Task to carry out: The answer is all of the data repeated exactly, with each picture omitted.

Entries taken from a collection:
====

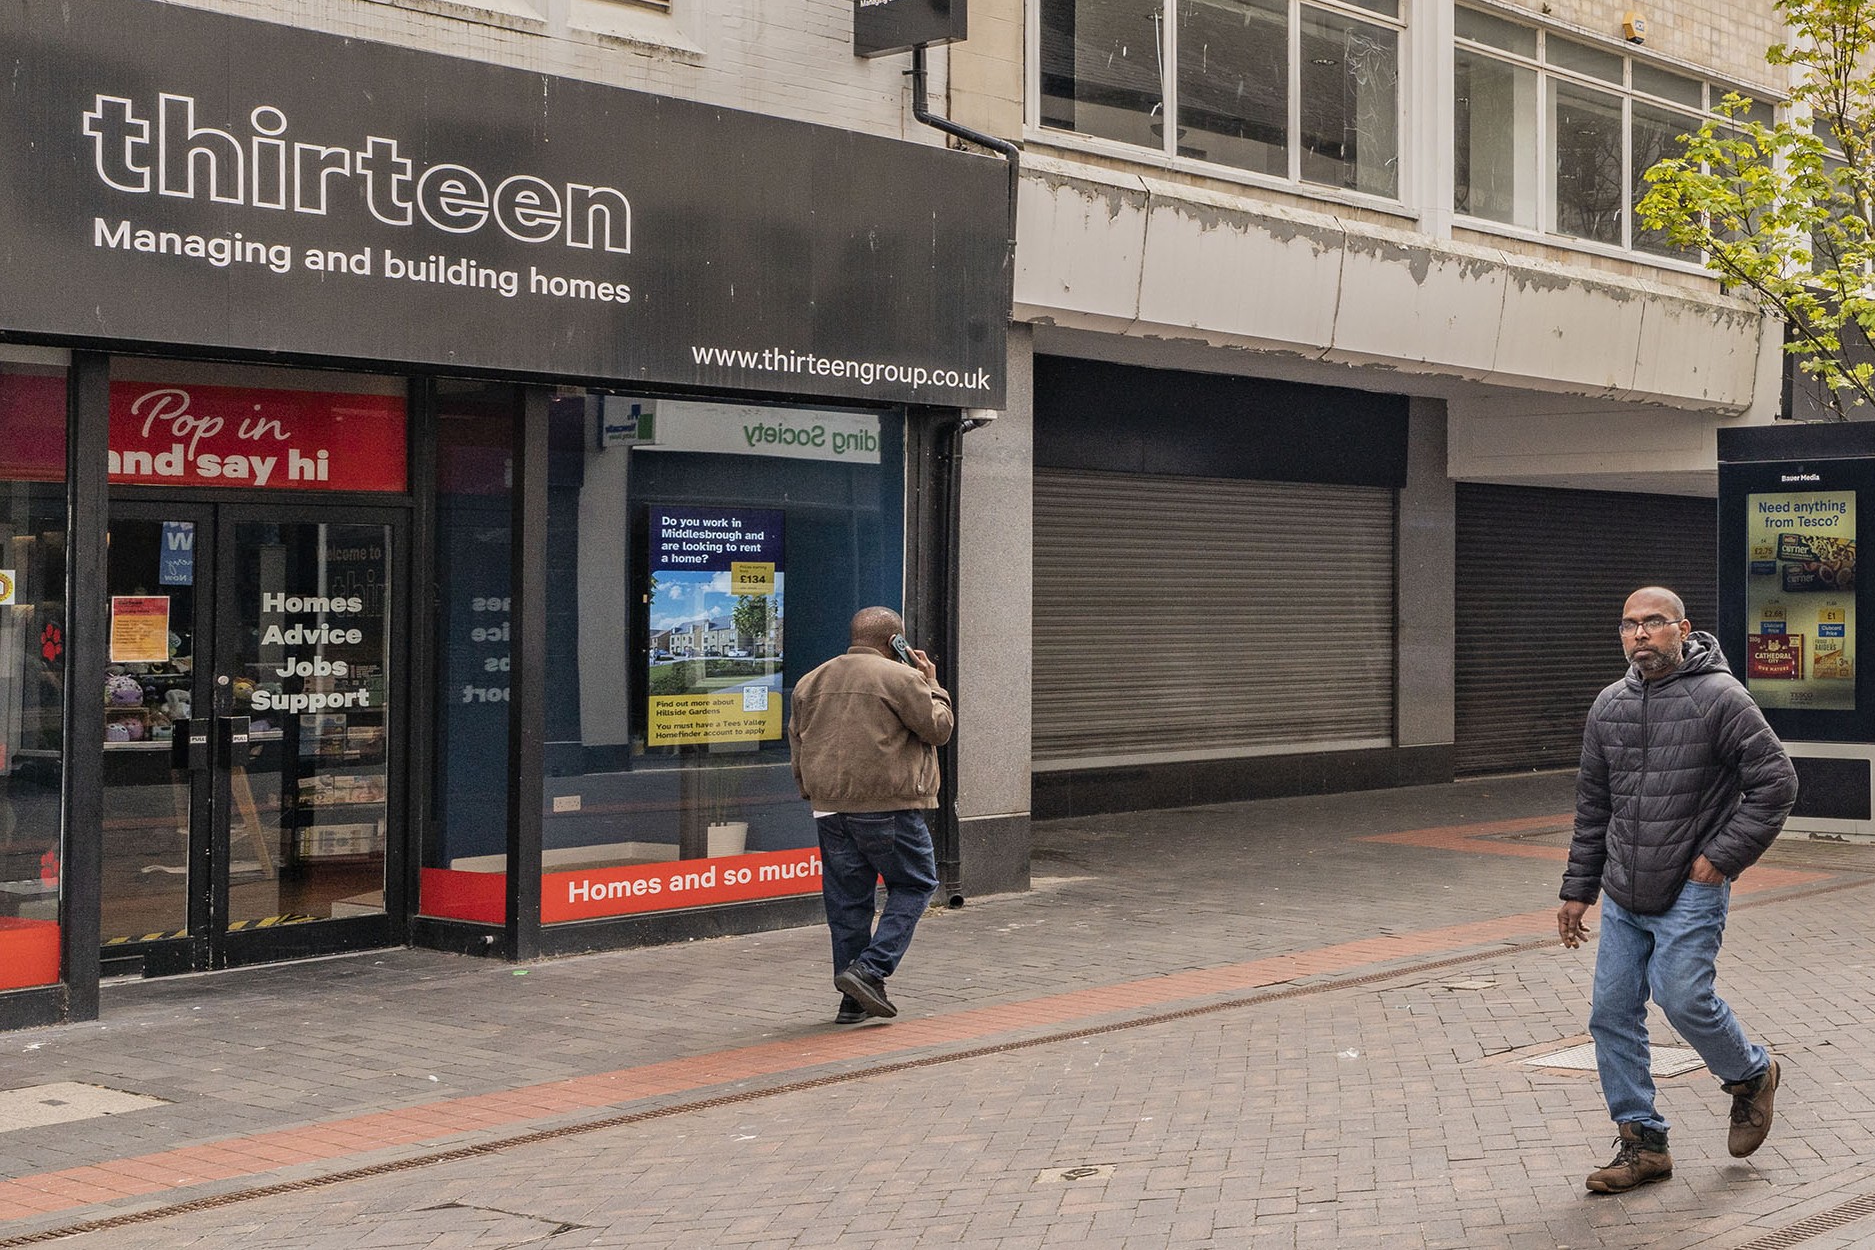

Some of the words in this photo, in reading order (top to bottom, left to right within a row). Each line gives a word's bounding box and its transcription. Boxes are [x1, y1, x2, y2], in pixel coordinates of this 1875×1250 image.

[83, 92, 631, 254] thirteen
[94, 217, 292, 274] Managing
[304, 246, 371, 276] and
[384, 249, 518, 298] building
[530, 266, 631, 303] homes
[692, 346, 990, 390] www.thirteengroup.co.uk
[131, 388, 225, 461] Pop
[238, 404, 291, 441] in
[196, 453, 277, 486] say
[288, 449, 329, 481] hi
[1800, 473, 1820, 481] Media
[1758, 501, 1790, 513] Need
[1794, 500, 1847, 514] anything
[661, 516, 677, 526] Do
[680, 518, 700, 528] you
[703, 518, 728, 527] work
[731, 518, 742, 527] in
[1765, 516, 1794, 528] from
[1798, 515, 1840, 527] Tesco?
[661, 529, 742, 542] Middlesbrough
[744, 531, 764, 540] and
[661, 542, 680, 551] are
[682, 541, 723, 553] looking
[726, 543, 737, 552] to
[740, 543, 761, 552] rent
[661, 555, 668, 563] a
[671, 554, 709, 563] home?
[740, 575, 766, 584] £134
[262, 592, 363, 613] Homes
[1827, 612, 1836, 620] £1
[261, 623, 363, 645] Advice
[1755, 652, 1792, 660] CATHEDRAL
[276, 655, 348, 678] Jobs
[250, 688, 369, 714] Support
[656, 709, 687, 717] Hillside
[689, 708, 720, 716] Gardens
[695, 721, 713, 729] have
[743, 719, 766, 727] Valley
[656, 731, 701, 739] Homefinder
[703, 729, 733, 737] account
[745, 728, 765, 736] apply
[568, 876, 662, 903] Homes
[669, 865, 716, 892] and
[723, 867, 752, 886] so
[759, 854, 823, 882] much
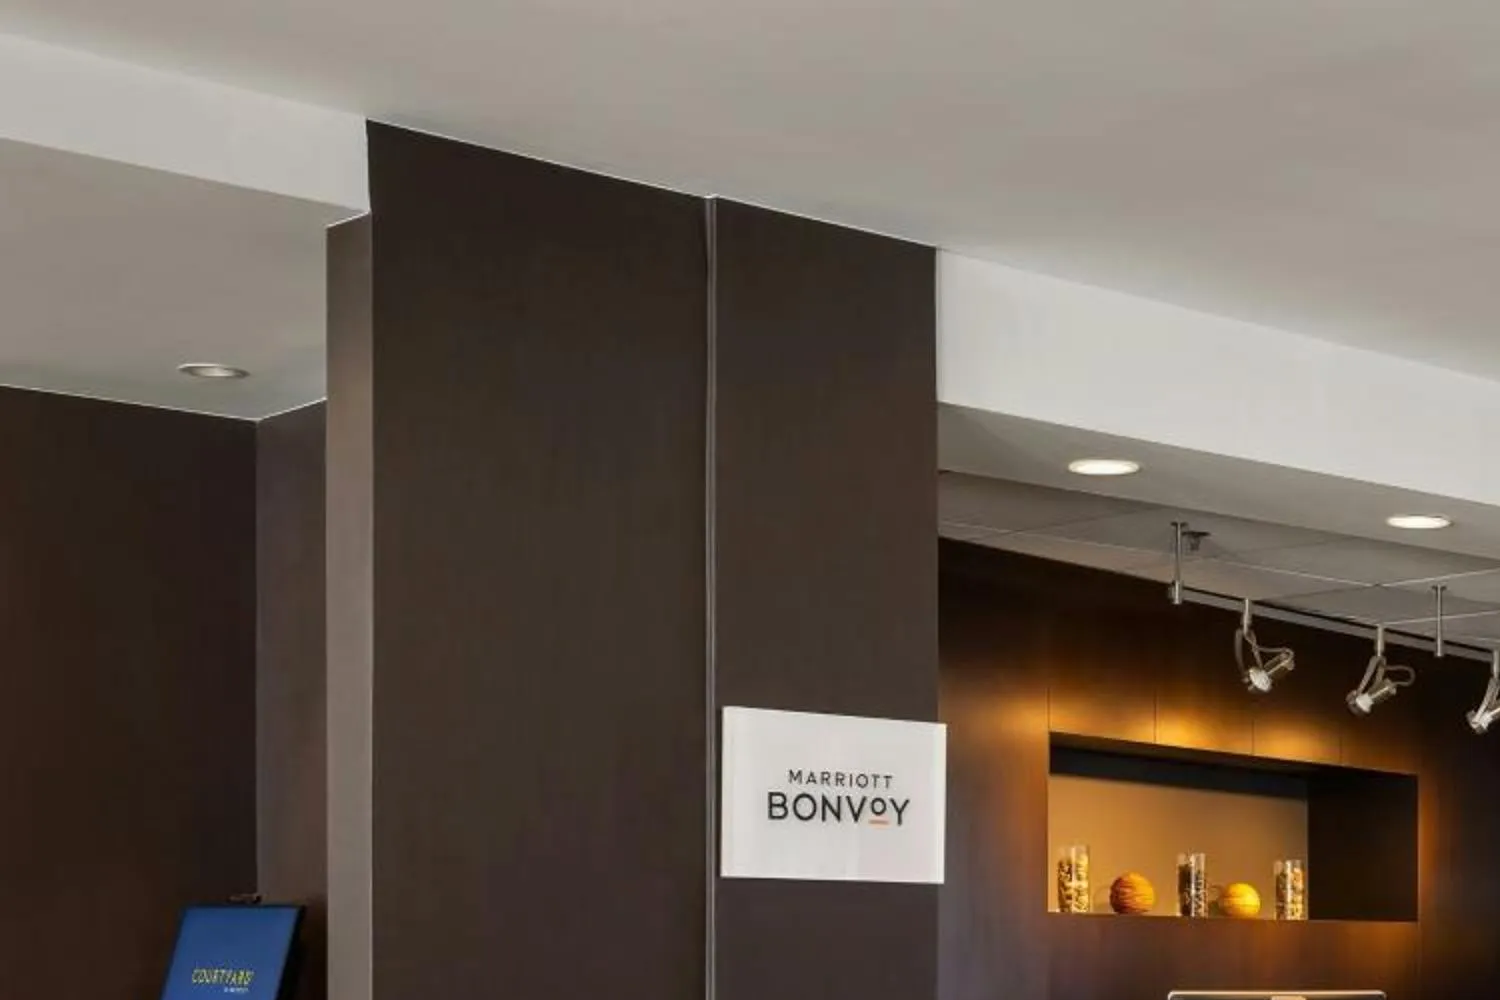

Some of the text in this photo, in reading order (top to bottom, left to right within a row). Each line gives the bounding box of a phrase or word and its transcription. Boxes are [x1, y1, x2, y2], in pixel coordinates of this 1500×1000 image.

[788, 769, 893, 789] MARRIOTT
[767, 792, 910, 826] BONVOY
[192, 969, 254, 986] COURTYARD
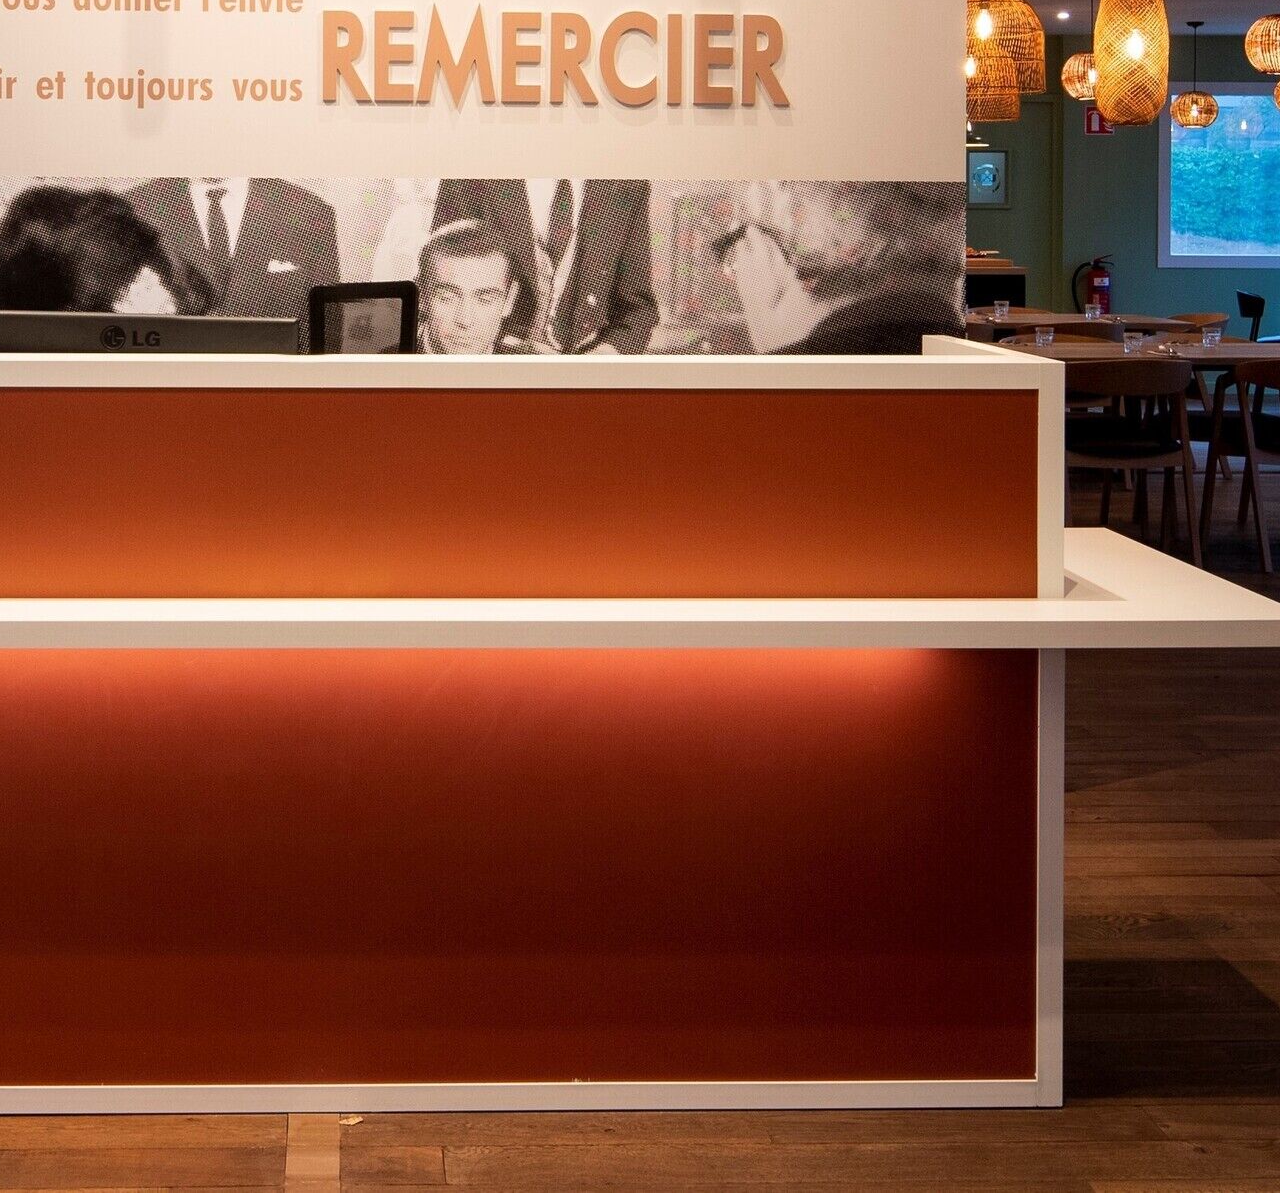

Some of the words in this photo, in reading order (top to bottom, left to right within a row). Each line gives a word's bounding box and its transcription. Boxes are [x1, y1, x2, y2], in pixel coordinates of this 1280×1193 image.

[321, 3, 791, 111] REMERCIER
[34, 70, 66, 101] et
[83, 68, 215, 110] toujours
[231, 77, 304, 103] vous
[132, 331, 160, 346] LG
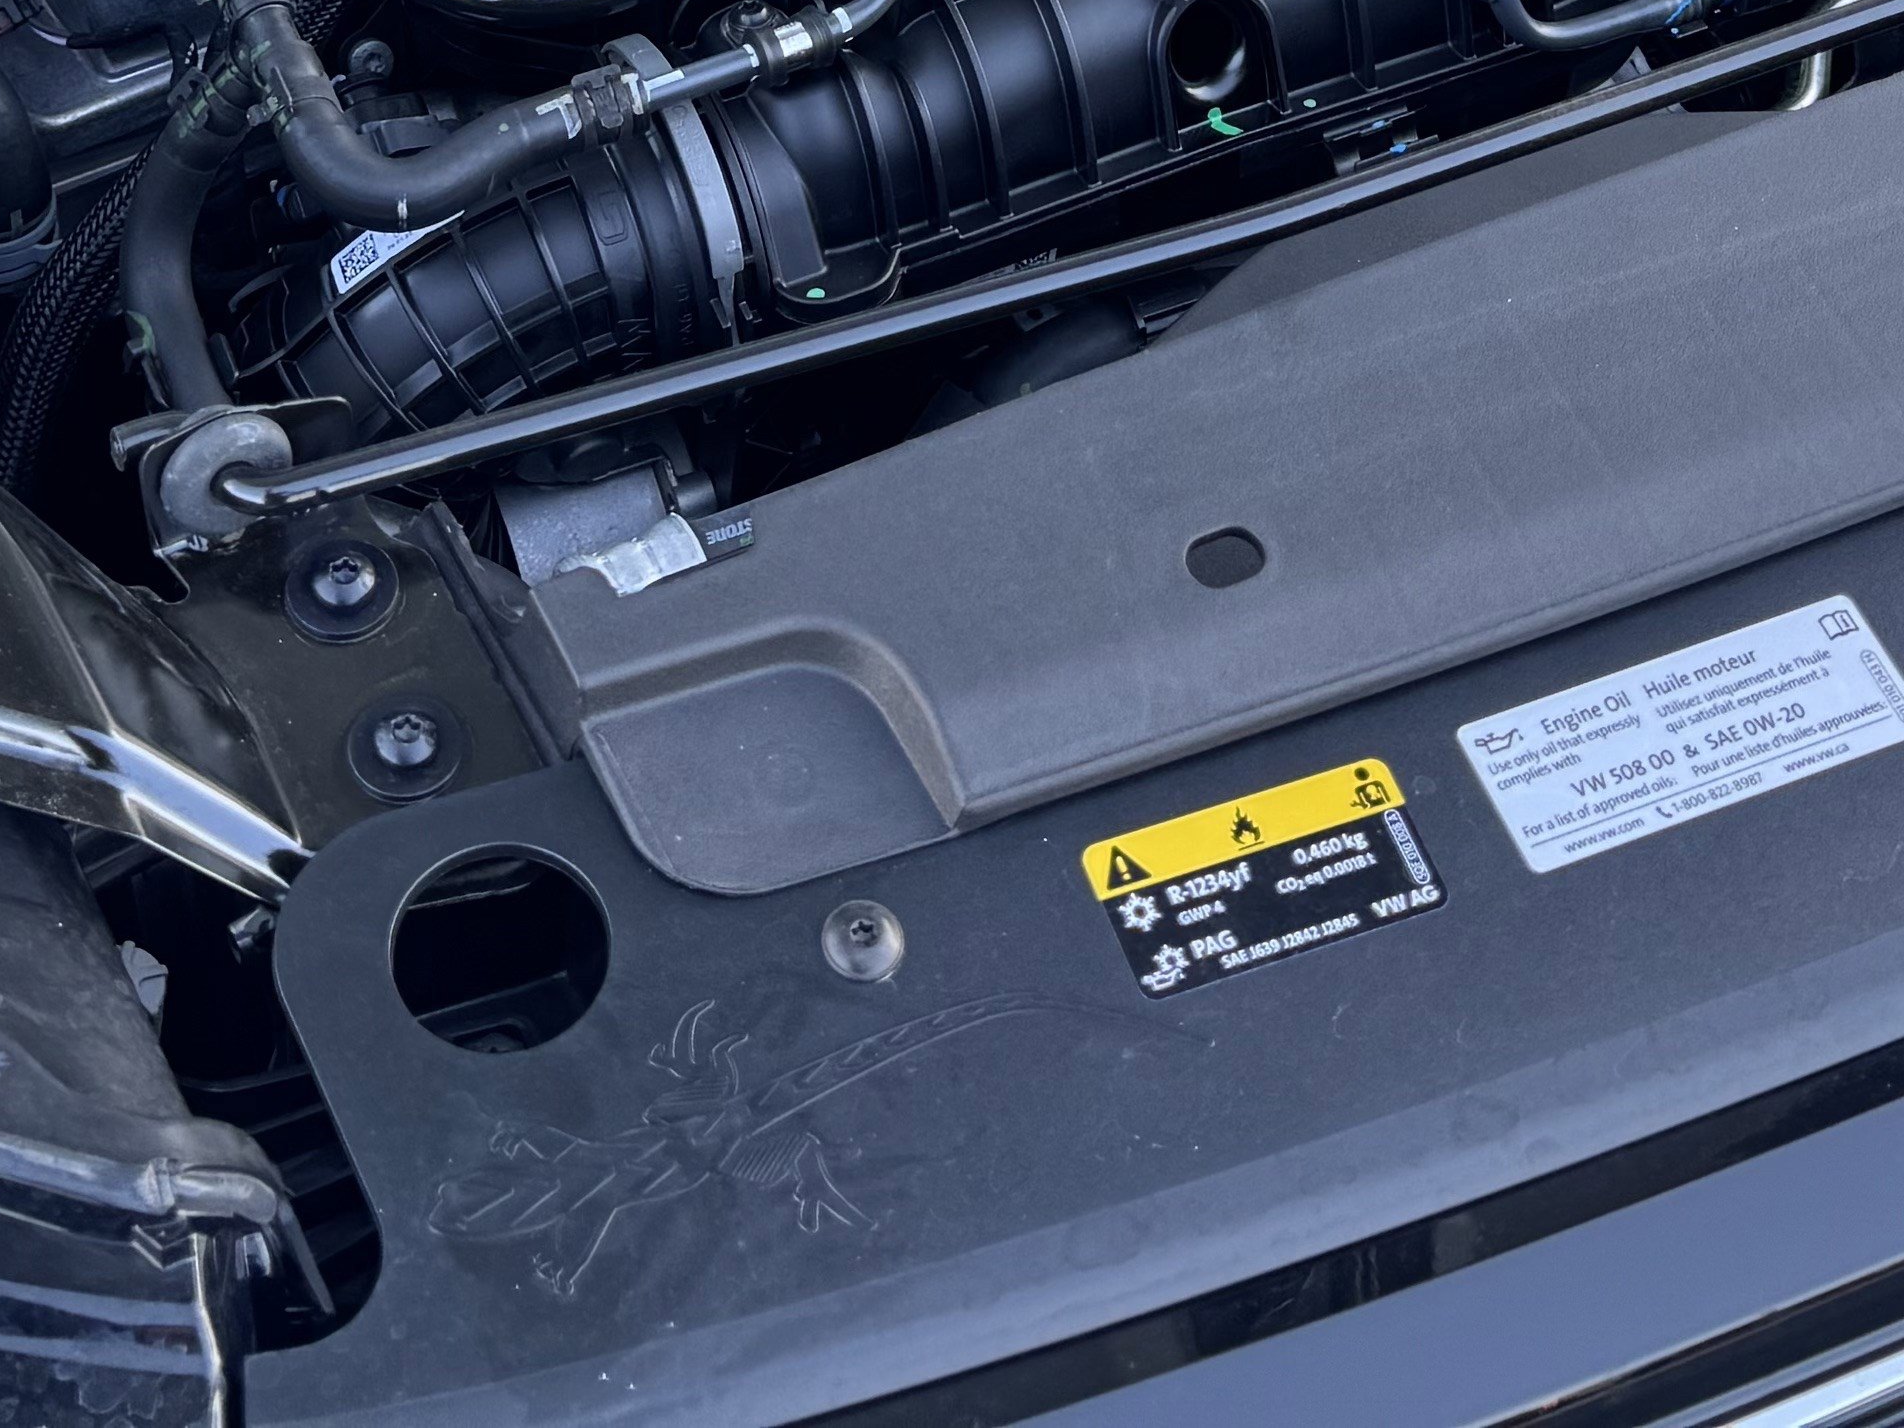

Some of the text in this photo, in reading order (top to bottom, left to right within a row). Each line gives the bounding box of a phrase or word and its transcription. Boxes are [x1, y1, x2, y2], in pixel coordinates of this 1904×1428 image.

[1644, 648, 1757, 700] Huile moteur
[1656, 648, 1832, 718] Utilisez uniquement de l'huile
[1541, 690, 1631, 736] Engine Oil
[1666, 665, 1830, 736] qui satisfait expressément à
[1487, 714, 1641, 776] Use only oil that expressly
[1570, 702, 1806, 799] VW 508 00 & SAE 0W-20
[1691, 700, 1888, 779] Pour une liste d'huiles approuvées:
[1497, 752, 1582, 792] complies with
[1564, 741, 1850, 854] www.vw.com 1-800-822-8987 www.vw.ca
[1523, 822, 1544, 839] For
[1555, 809, 1574, 828] list
[1575, 804, 1590, 820] of
[1593, 785, 1640, 818] approved
[1641, 777, 1678, 798] oils:
[1293, 830, 1369, 866] 0.460 kg
[1324, 857, 1363, 879] 0.0018
[1165, 861, 1253, 906] R-1234yf
[1371, 884, 1441, 918] VW AG
[1177, 900, 1227, 926] GWP 4
[1190, 929, 1238, 960] PAG
[1219, 913, 1360, 970] SAE J639 J2842 J2845

====

Completed task:
Some of the words in this photo, in reading order (top to bottom, left to right within a row). Each line gives a word's bounding box and its transcription. Boxes are [x1, y1, x2, y2], in pixel coordinates of this 1875×1250 image.

[83, 92, 631, 254] thirteen
[94, 217, 292, 274] Managing
[304, 246, 371, 276] and
[384, 249, 518, 298] building
[530, 266, 631, 303] homes
[692, 346, 990, 390] www.thirteengroup.co.uk
[131, 388, 225, 461] Pop
[238, 404, 291, 441] in
[196, 453, 277, 486] say
[288, 449, 329, 481] hi
[1800, 473, 1820, 481] Media
[1758, 501, 1790, 513] Need
[1794, 500, 1847, 514] anything
[661, 516, 677, 526] Do
[680, 518, 700, 528] you
[703, 518, 728, 527] work
[731, 518, 742, 527] in
[1765, 516, 1794, 528] from
[1798, 515, 1840, 527] Tesco?
[661, 529, 742, 542] Middlesbrough
[744, 531, 764, 540] and
[661, 542, 680, 551] are
[682, 541, 723, 553] looking
[726, 543, 737, 552] to
[740, 543, 761, 552] rent
[661, 555, 668, 563] a
[671, 554, 709, 563] home?
[740, 575, 766, 584] £134
[262, 592, 363, 613] Homes
[1827, 612, 1836, 620] £1
[261, 623, 363, 645] Advice
[1755, 652, 1792, 660] CATHEDRAL
[276, 655, 348, 678] Jobs
[250, 688, 369, 714] Support
[656, 709, 687, 717] Hillside
[689, 708, 720, 716] Gardens
[695, 721, 713, 729] have
[743, 719, 766, 727] Valley
[656, 731, 701, 739] Homefinder
[703, 729, 733, 737] account
[745, 728, 765, 736] apply
[568, 876, 662, 903] Homes
[669, 865, 716, 892] and
[723, 867, 752, 886] so
[759, 854, 823, 882] much

Some of the text in this photo, in reading order (top to bottom, left to right within a row). Each line gives the bounding box of a phrase or word and its transcription. Boxes are [x1, y1, x2, y2], in pixel coordinates of this 1500×1000 image.

[788, 769, 893, 789] MARRIOTT
[767, 792, 910, 826] BONVOY
[192, 969, 254, 986] COURTYARD

Some of the words in this photo, in reading order (top to bottom, left to right within a row). Each line gives a word's bounding box and its transcription. Boxes are [x1, y1, x2, y2], in pixel coordinates of this 1280×1193 image.

[321, 3, 791, 111] REMERCIER
[34, 70, 66, 101] et
[83, 68, 215, 110] toujours
[231, 77, 304, 103] vous
[132, 331, 160, 346] LG

Some of the text in this photo, in reading order (top to bottom, left to right within a row). Each line gives the bounding box of a phrase or word and its transcription. Boxes are [x1, y1, x2, y2], in pixel coordinates of this 1904×1428 image.

[1644, 648, 1757, 700] Huile moteur
[1656, 648, 1832, 718] Utilisez uniquement de l'huile
[1541, 690, 1631, 736] Engine Oil
[1666, 665, 1830, 736] qui satisfait expressément à
[1487, 714, 1641, 776] Use only oil that expressly
[1570, 702, 1806, 799] VW 508 00 & SAE 0W-20
[1691, 700, 1888, 779] Pour une liste d'huiles approuvées:
[1497, 752, 1582, 792] complies with
[1564, 741, 1850, 854] www.vw.com 1-800-822-8987 www.vw.ca
[1523, 822, 1544, 839] For
[1555, 809, 1574, 828] list
[1575, 804, 1590, 820] of
[1593, 785, 1640, 818] approved
[1641, 777, 1678, 798] oils:
[1293, 830, 1369, 866] 0.460 kg
[1324, 857, 1363, 879] 0.0018
[1165, 861, 1253, 906] R-1234yf
[1371, 884, 1441, 918] VW AG
[1177, 900, 1227, 926] GWP 4
[1190, 929, 1238, 960] PAG
[1219, 913, 1360, 970] SAE J639 J2842 J2845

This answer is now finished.